::: Materials provided :::

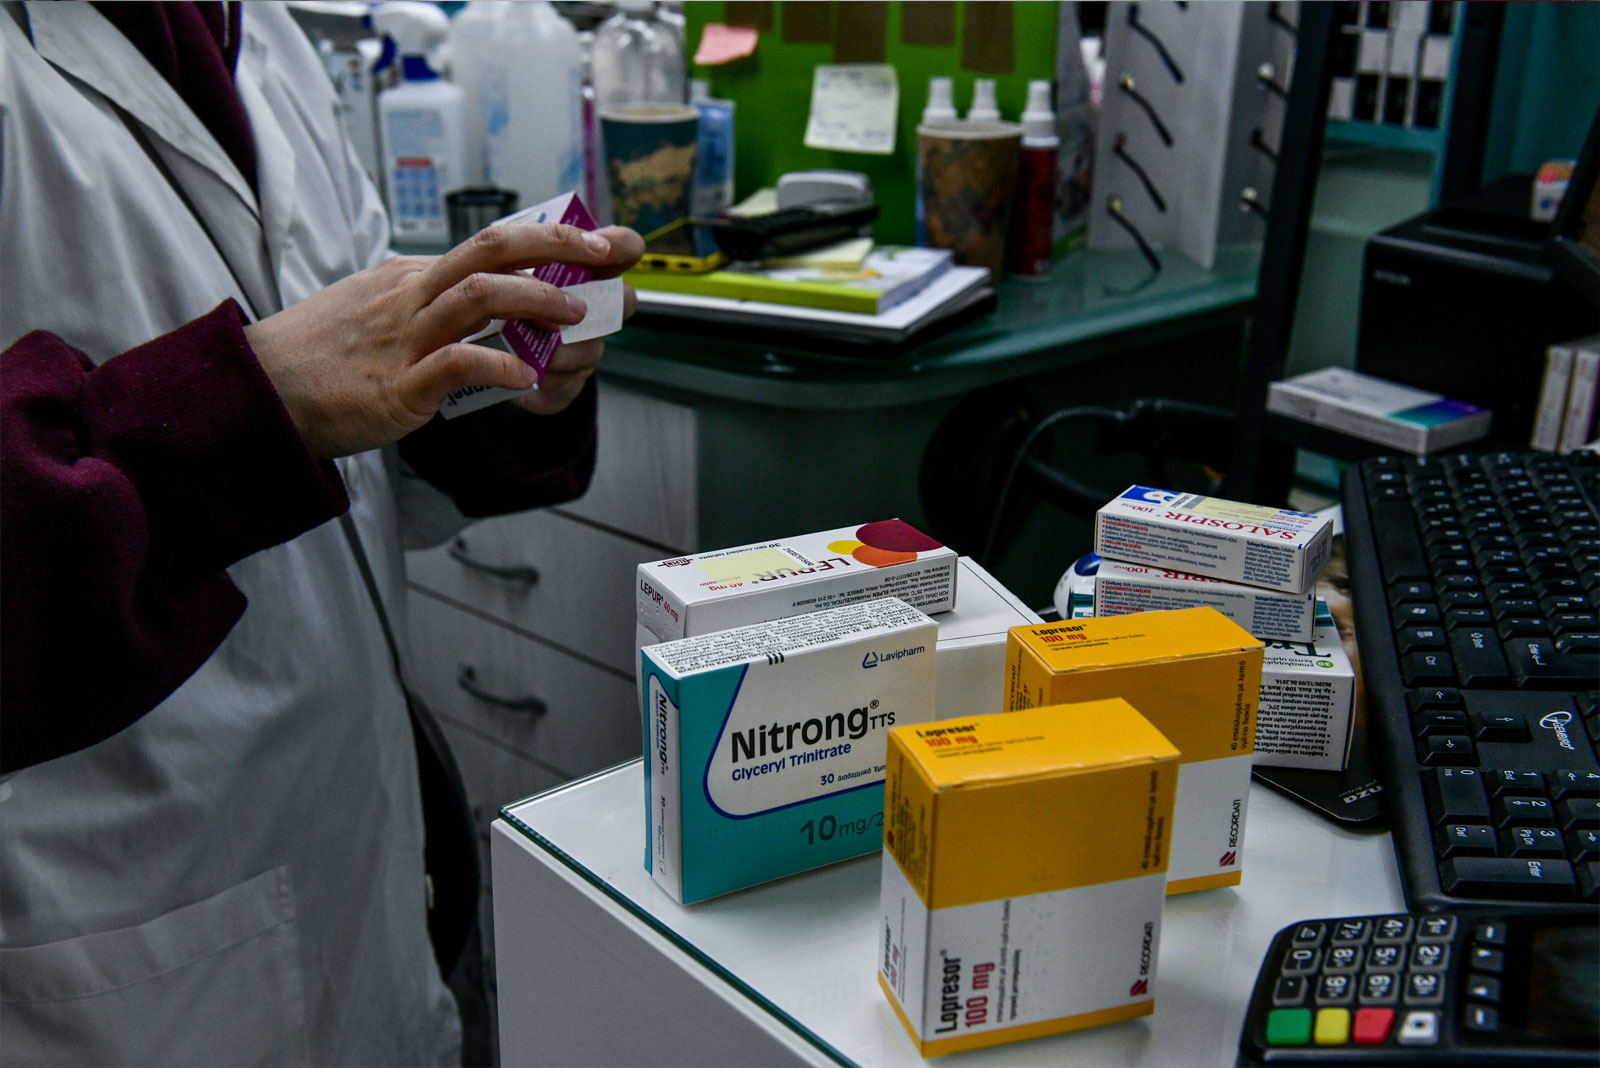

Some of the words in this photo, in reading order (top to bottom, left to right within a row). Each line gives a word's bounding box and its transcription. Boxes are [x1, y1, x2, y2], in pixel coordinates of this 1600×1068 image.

[1040, 634, 1061, 643] 100
[1066, 632, 1087, 642] mg
[880, 645, 925, 662] Lavipharm
[870, 711, 896, 730] TTS
[925, 736, 951, 748] 100
[956, 734, 978, 746] mg
[732, 757, 785, 782] Glyceryl
[790, 742, 851, 767] Trinitrate
[820, 773, 835, 786] 30
[1530, 800, 1547, 808] 2
[1229, 799, 1241, 848] RECORDATI
[801, 814, 837, 845] 10
[1540, 830, 1557, 838] 3
[1528, 860, 1543, 877] Enter
[1343, 920, 1362, 929] 7
[1383, 919, 1404, 928] 4
[1292, 949, 1312, 959] 0
[1333, 948, 1353, 958] 8
[1374, 947, 1397, 957] 5
[1417, 945, 1440, 956] 2
[973, 962, 996, 991] mg
[1325, 976, 1347, 987] 9
[1368, 975, 1390, 986] 6
[1412, 974, 1437, 986] 3
[966, 996, 988, 1028] 100
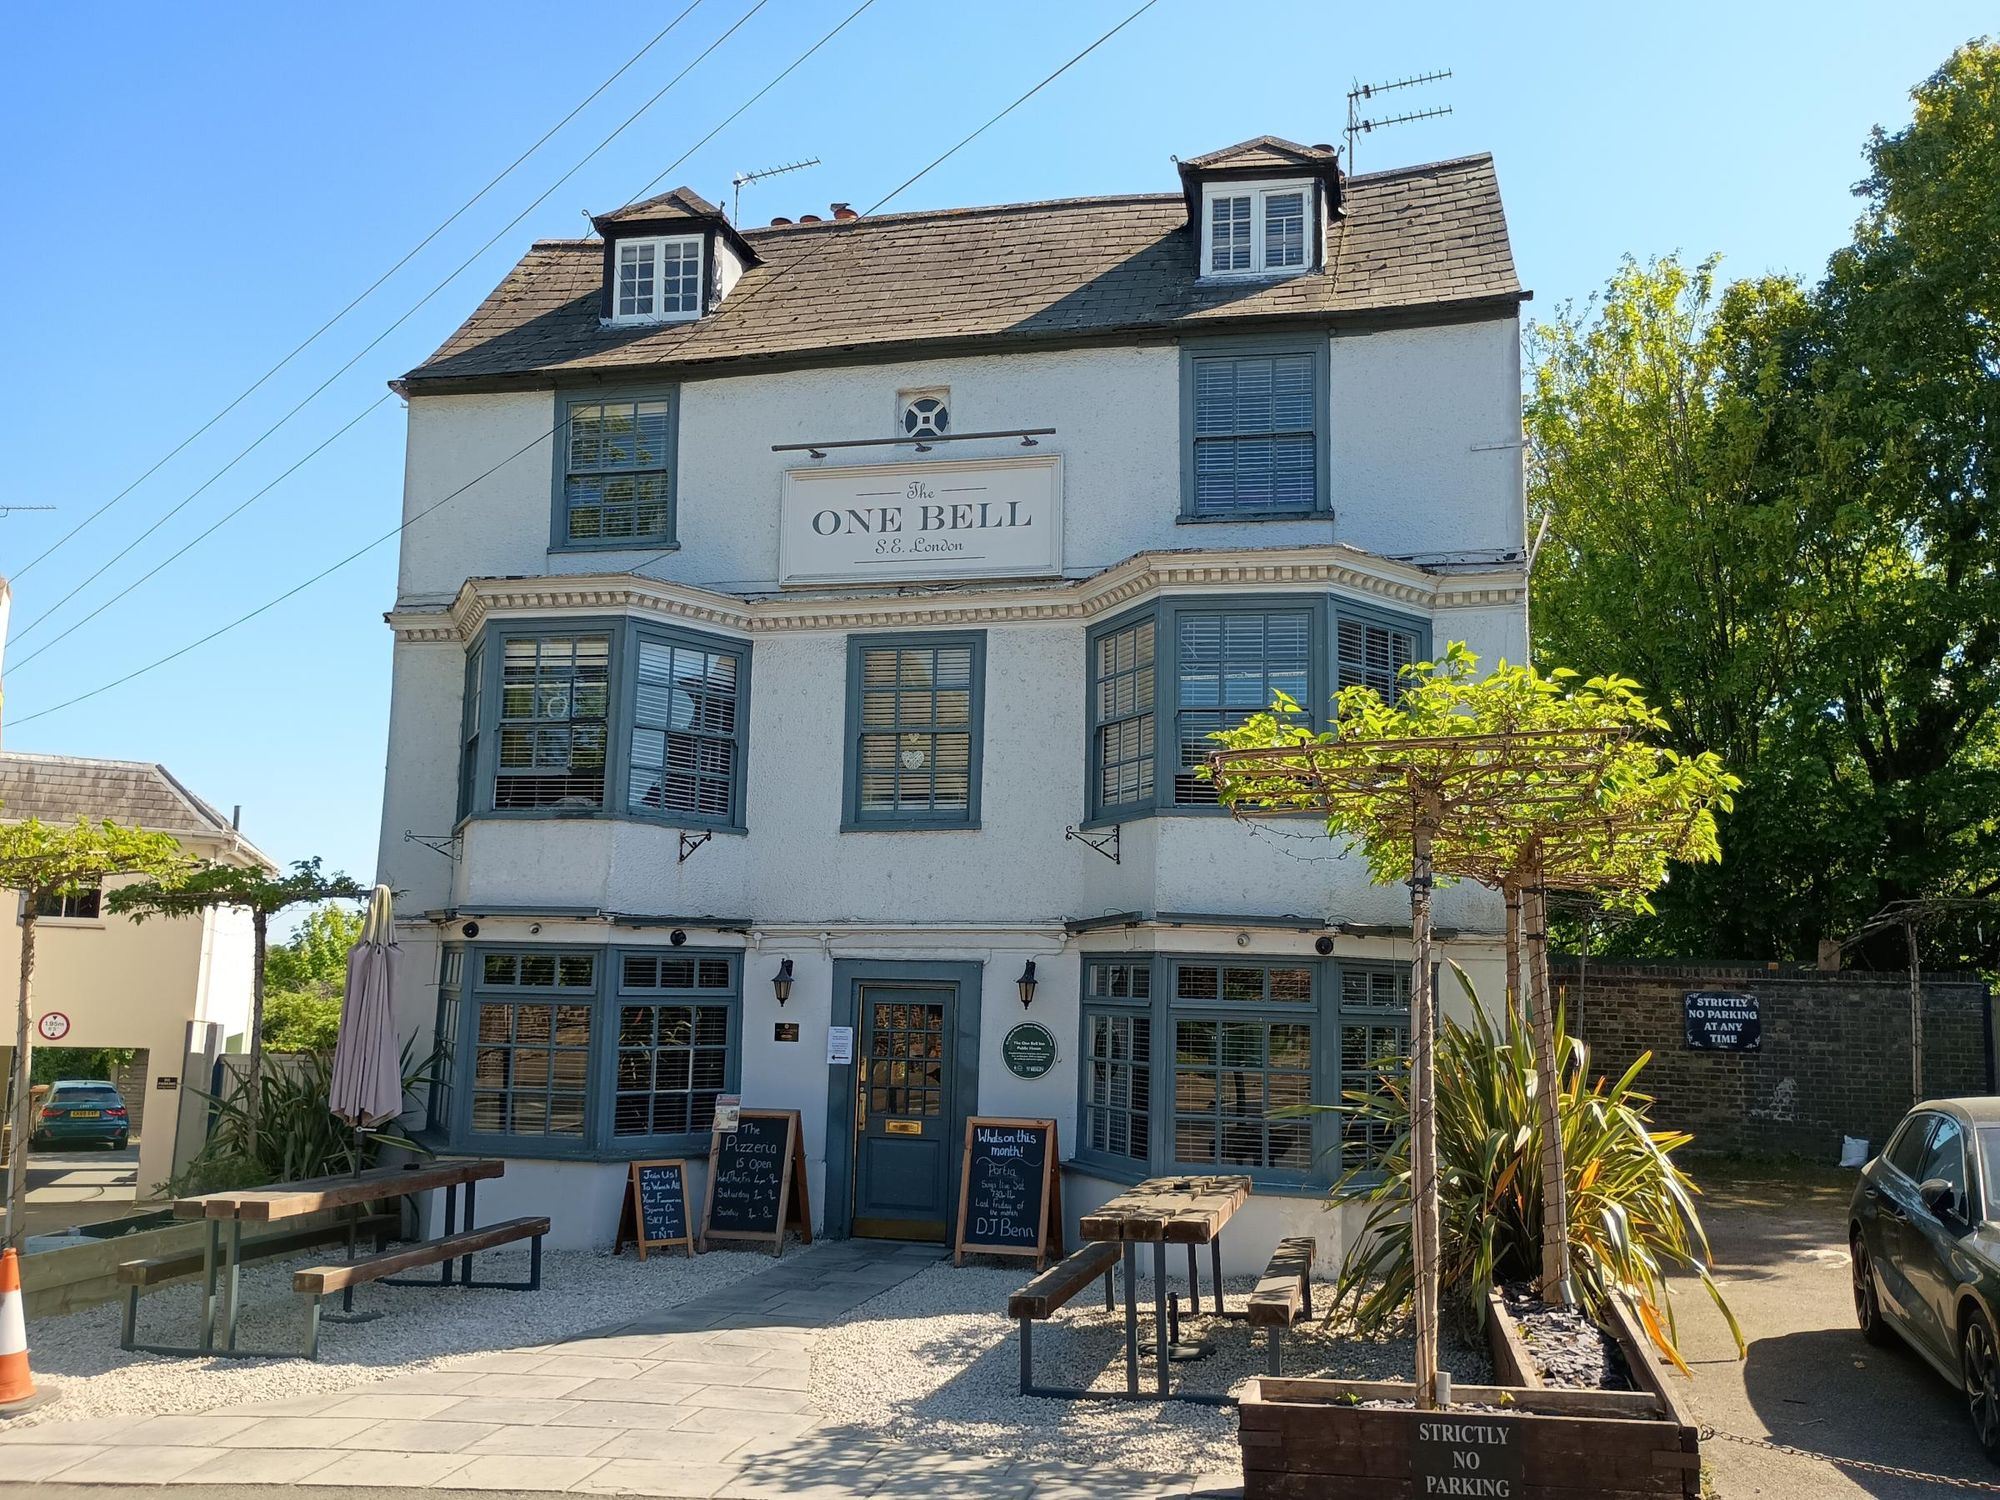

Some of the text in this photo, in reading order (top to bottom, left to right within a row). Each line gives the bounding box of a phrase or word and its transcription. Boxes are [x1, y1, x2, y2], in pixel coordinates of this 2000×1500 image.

[906, 481, 936, 500] The
[812, 501, 1032, 536] ONE BELL
[875, 537, 964, 555] S.E. London
[1696, 997, 1748, 1007] STRICTLY
[1688, 1009, 1758, 1020] NO PARKING
[1704, 1022, 1743, 1032] AT ANY
[1709, 1034, 1738, 1044] TIME
[741, 1122, 760, 1135] The
[725, 1134, 777, 1153] Pizzeria
[1003, 1135, 1016, 1143] on
[1016, 1129, 1037, 1144] this
[990, 1145, 1024, 1158] month!
[749, 1158, 772, 1172] Open
[643, 1168, 678, 1180] Join Us!
[641, 1182, 650, 1190] To
[718, 1187, 750, 1203] Saturday
[976, 1216, 1035, 1238] DJ Benn
[650, 1230, 675, 1240] TNT
[1419, 1422, 1510, 1445] STRICTLY
[1452, 1450, 1480, 1470] NO
[1425, 1475, 1510, 1498] PARKING
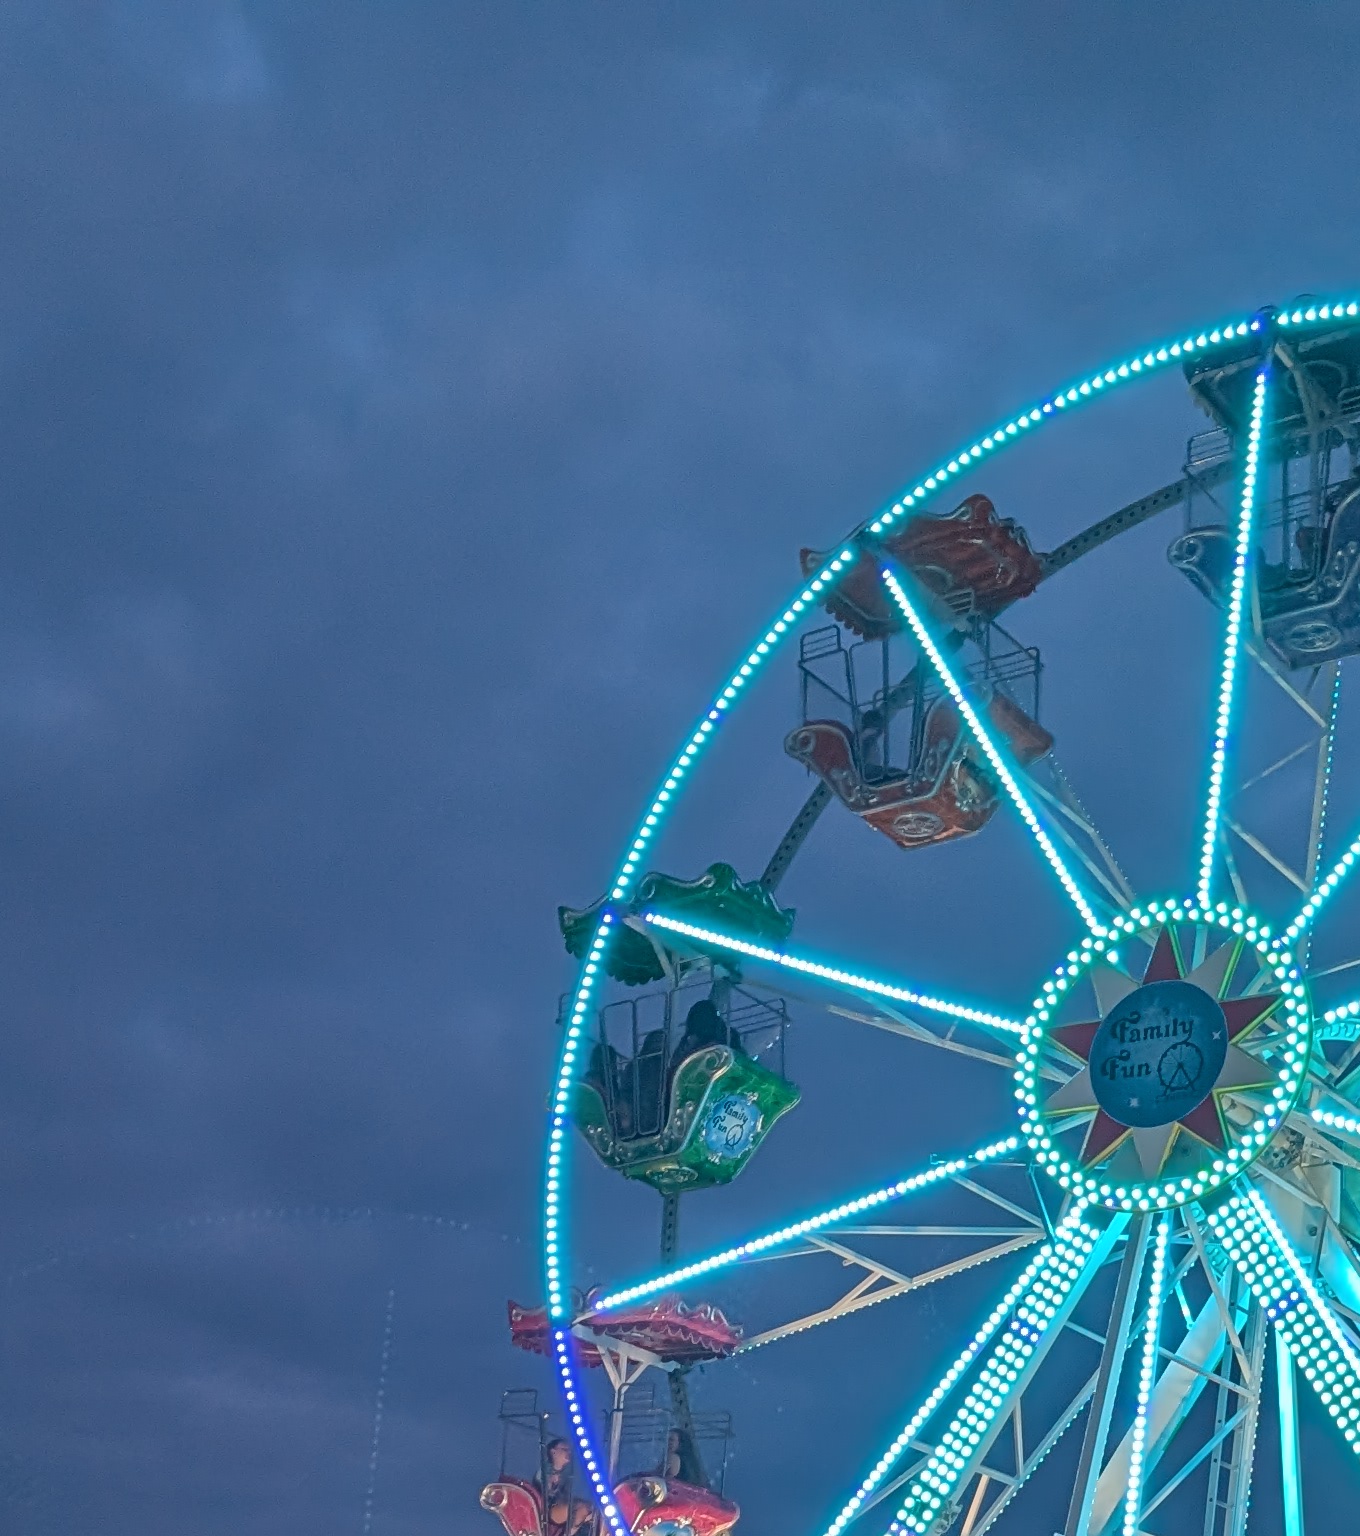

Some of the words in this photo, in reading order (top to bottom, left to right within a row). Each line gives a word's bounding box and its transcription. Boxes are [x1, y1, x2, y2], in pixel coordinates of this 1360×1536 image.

[1109, 1008, 1195, 1044] Family
[1100, 1049, 1152, 1081] Fun
[712, 1115, 728, 1133] Fun
[724, 1100, 749, 1124] Family

:::

* **The problem**
Copy out all the data above exactly, pictures excluded.

* **Result of this exercise**
Some of the words in this photo, in reading order (top to bottom, left to right within a row). Each line gives a word's bounding box and its transcription. Boxes are [x1, y1, x2, y2], in pixel coordinates of this 1600×1068 image.

[1040, 634, 1061, 643] 100
[1066, 632, 1087, 642] mg
[880, 645, 925, 662] Lavipharm
[870, 711, 896, 730] TTS
[925, 736, 951, 748] 100
[956, 734, 978, 746] mg
[732, 757, 785, 782] Glyceryl
[790, 742, 851, 767] Trinitrate
[820, 773, 835, 786] 30
[1530, 800, 1547, 808] 2
[1229, 799, 1241, 848] RECORDATI
[801, 814, 837, 845] 10
[1540, 830, 1557, 838] 3
[1528, 860, 1543, 877] Enter
[1343, 920, 1362, 929] 7
[1383, 919, 1404, 928] 4
[1292, 949, 1312, 959] 0
[1333, 948, 1353, 958] 8
[1374, 947, 1397, 957] 5
[1417, 945, 1440, 956] 2
[973, 962, 996, 991] mg
[1325, 976, 1347, 987] 9
[1368, 975, 1390, 986] 6
[1412, 974, 1437, 986] 3
[966, 996, 988, 1028] 100

Some of the text in this photo, in reading order (top to bottom, left to right within a row). Each line gives the bounding box of a phrase or word and its transcription. Boxes are [x1, y1, x2, y2], in pixel coordinates of this 2000×1500 image.

[906, 481, 936, 500] The
[812, 501, 1032, 536] ONE BELL
[875, 537, 964, 555] S.E. London
[1696, 997, 1748, 1007] STRICTLY
[1688, 1009, 1758, 1020] NO PARKING
[1704, 1022, 1743, 1032] AT ANY
[1709, 1034, 1738, 1044] TIME
[741, 1122, 760, 1135] The
[725, 1134, 777, 1153] Pizzeria
[1003, 1135, 1016, 1143] on
[1016, 1129, 1037, 1144] this
[990, 1145, 1024, 1158] month!
[749, 1158, 772, 1172] Open
[643, 1168, 678, 1180] Join Us!
[641, 1182, 650, 1190] To
[718, 1187, 750, 1203] Saturday
[976, 1216, 1035, 1238] DJ Benn
[650, 1230, 675, 1240] TNT
[1419, 1422, 1510, 1445] STRICTLY
[1452, 1450, 1480, 1470] NO
[1425, 1475, 1510, 1498] PARKING

Some of the words in this photo, in reading order (top to bottom, left to right within a row). Each line gives a word's bounding box and its transcription. Boxes are [x1, y1, x2, y2], in pixel coordinates of this 1360×1536 image.

[1109, 1008, 1195, 1044] Family
[1100, 1049, 1152, 1081] Fun
[712, 1115, 728, 1133] Fun
[724, 1100, 749, 1124] Family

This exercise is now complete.